What the task requires:
Ignoring the pictures, copy the data exactly.

Data entries:
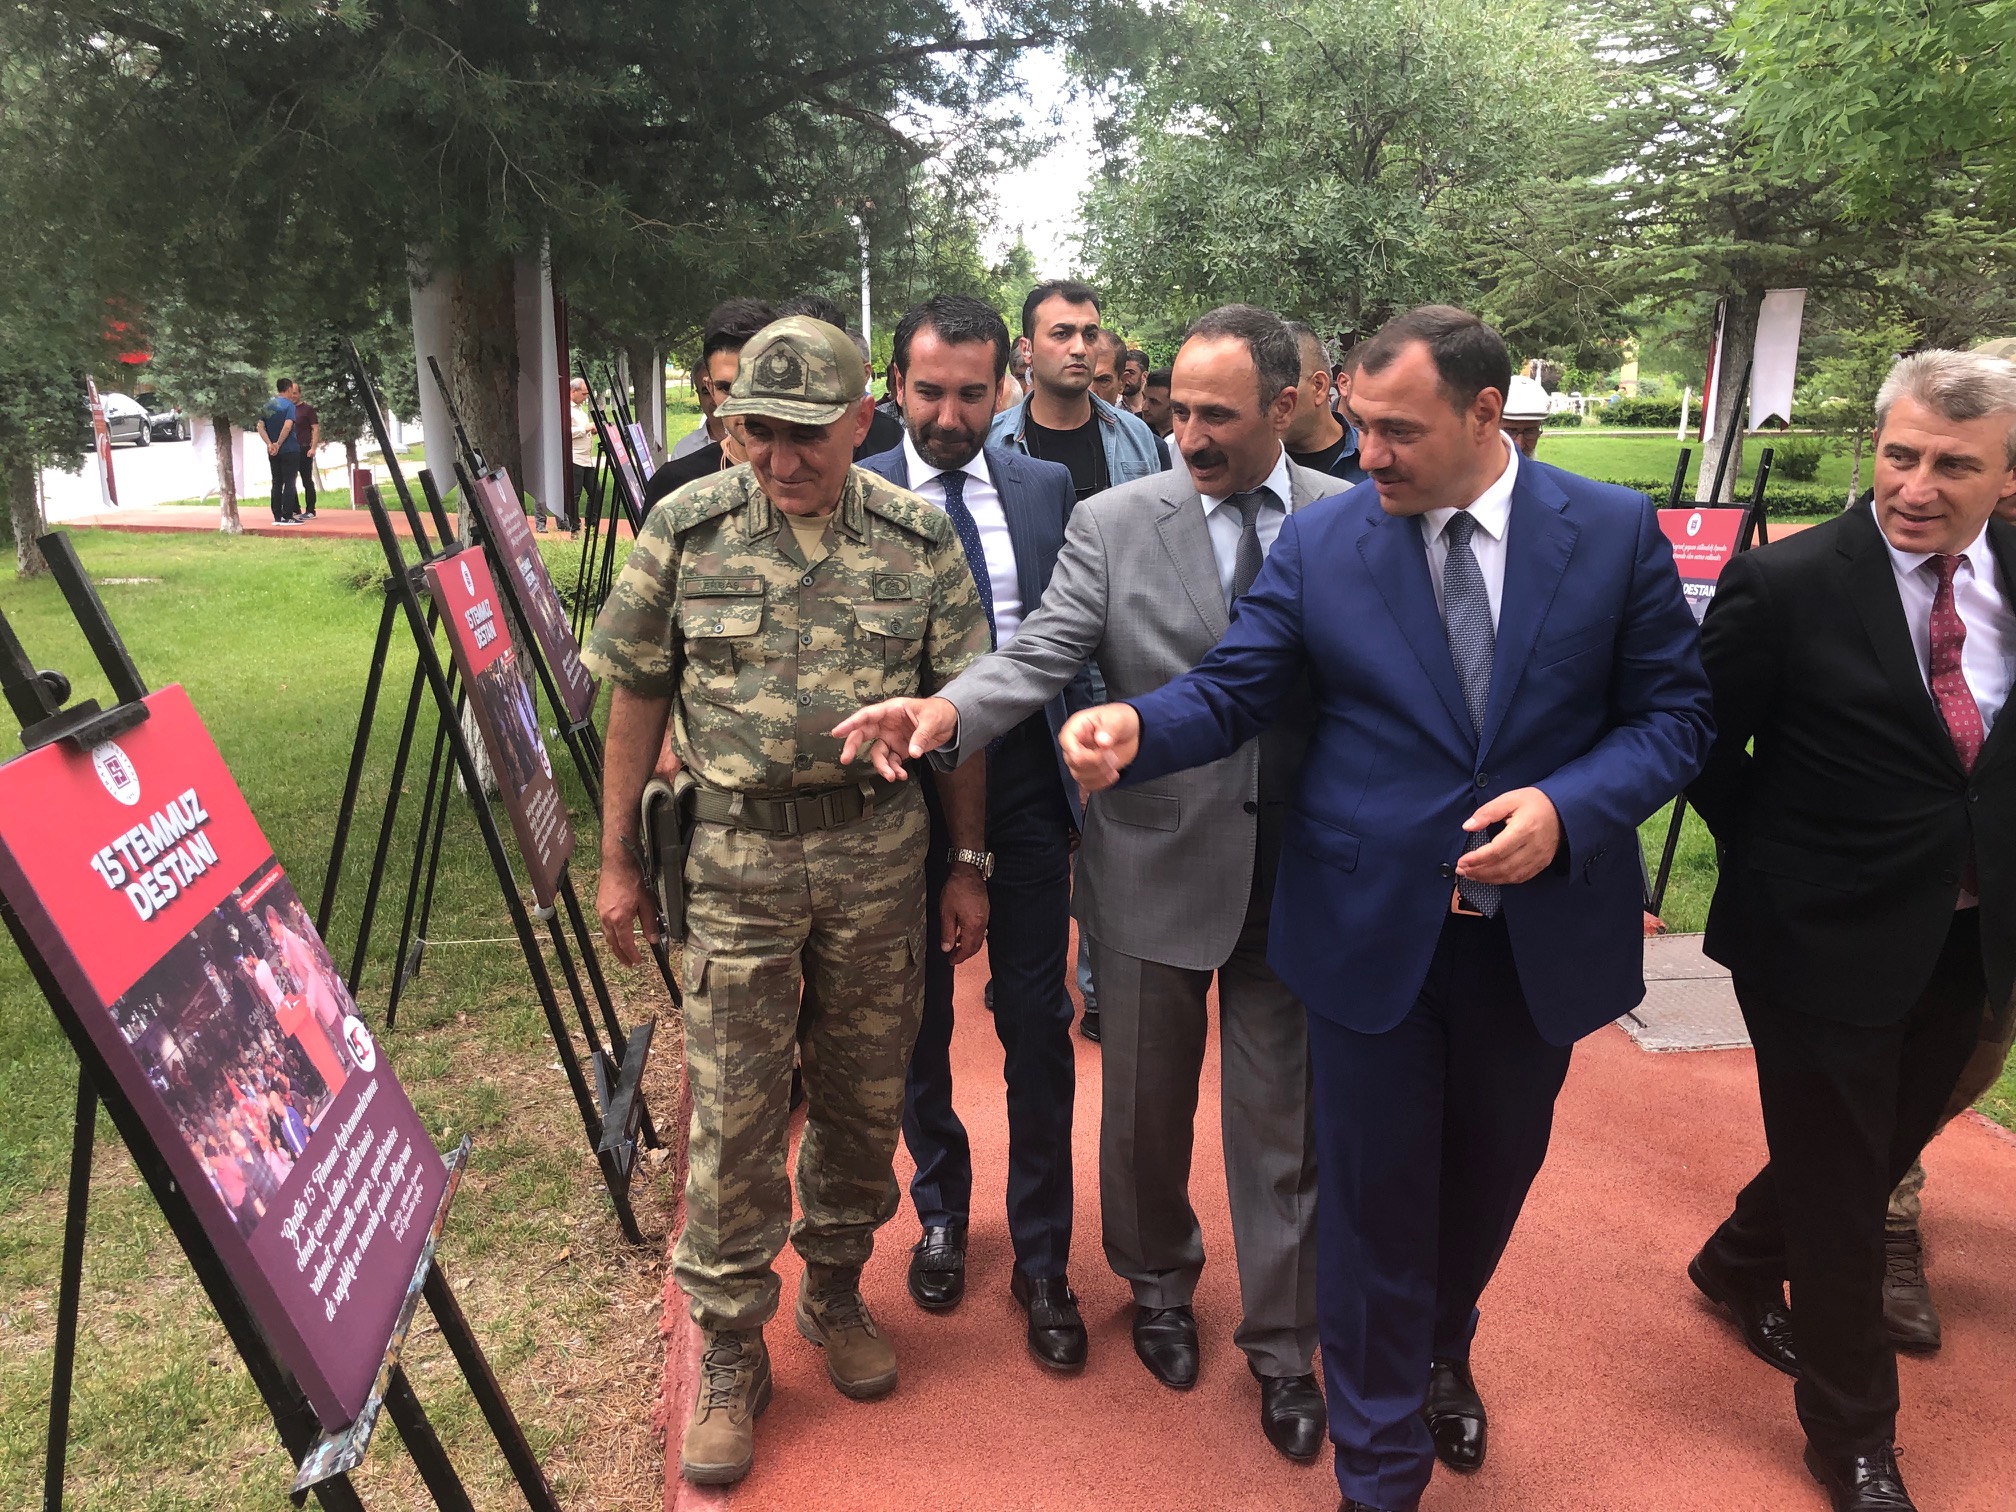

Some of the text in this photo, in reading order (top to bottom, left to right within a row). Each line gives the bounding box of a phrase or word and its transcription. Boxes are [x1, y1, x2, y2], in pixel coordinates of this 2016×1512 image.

[1683, 583, 1716, 597] DESTAN
[474, 620, 497, 650] DESTANI
[90, 788, 209, 890] 15 TEMMUZ
[125, 830, 219, 922] DESTANI
[303, 1180, 316, 1207] 15
[311, 1145, 340, 1193] Temmuz
[297, 1227, 323, 1273] olmak
[313, 1204, 333, 1239] üzere
[323, 1177, 348, 1211] bütün
[377, 1181, 394, 1222] günler
[309, 1243, 337, 1296] rahmet,
[329, 1205, 357, 1256] minnetle
[356, 1205, 380, 1254] huzurlu
[332, 1256, 358, 1306] sağlıklı
[352, 1247, 363, 1266] ve
[324, 1297, 337, 1322] de

Result below:
Some of the text in this photo, in reading order (top to bottom, left to right within a row). Each line gives the bounding box of a phrase or word and its transcription. Boxes are [x1, y1, x2, y2], in pixel coordinates of this 2016×1512 image.

[1683, 583, 1716, 597] DESTAN
[474, 620, 497, 650] DESTANI
[90, 788, 209, 890] 15 TEMMUZ
[125, 830, 219, 922] DESTANI
[303, 1180, 316, 1207] 15
[311, 1145, 340, 1193] Temmuz
[297, 1227, 323, 1273] olmak
[313, 1204, 333, 1239] üzere
[323, 1177, 348, 1211] bütün
[377, 1181, 394, 1222] günler
[309, 1243, 337, 1296] rahmet,
[329, 1205, 357, 1256] minnetle
[356, 1205, 380, 1254] huzurlu
[332, 1256, 358, 1306] sağlıklı
[352, 1247, 363, 1266] ve
[324, 1297, 337, 1322] de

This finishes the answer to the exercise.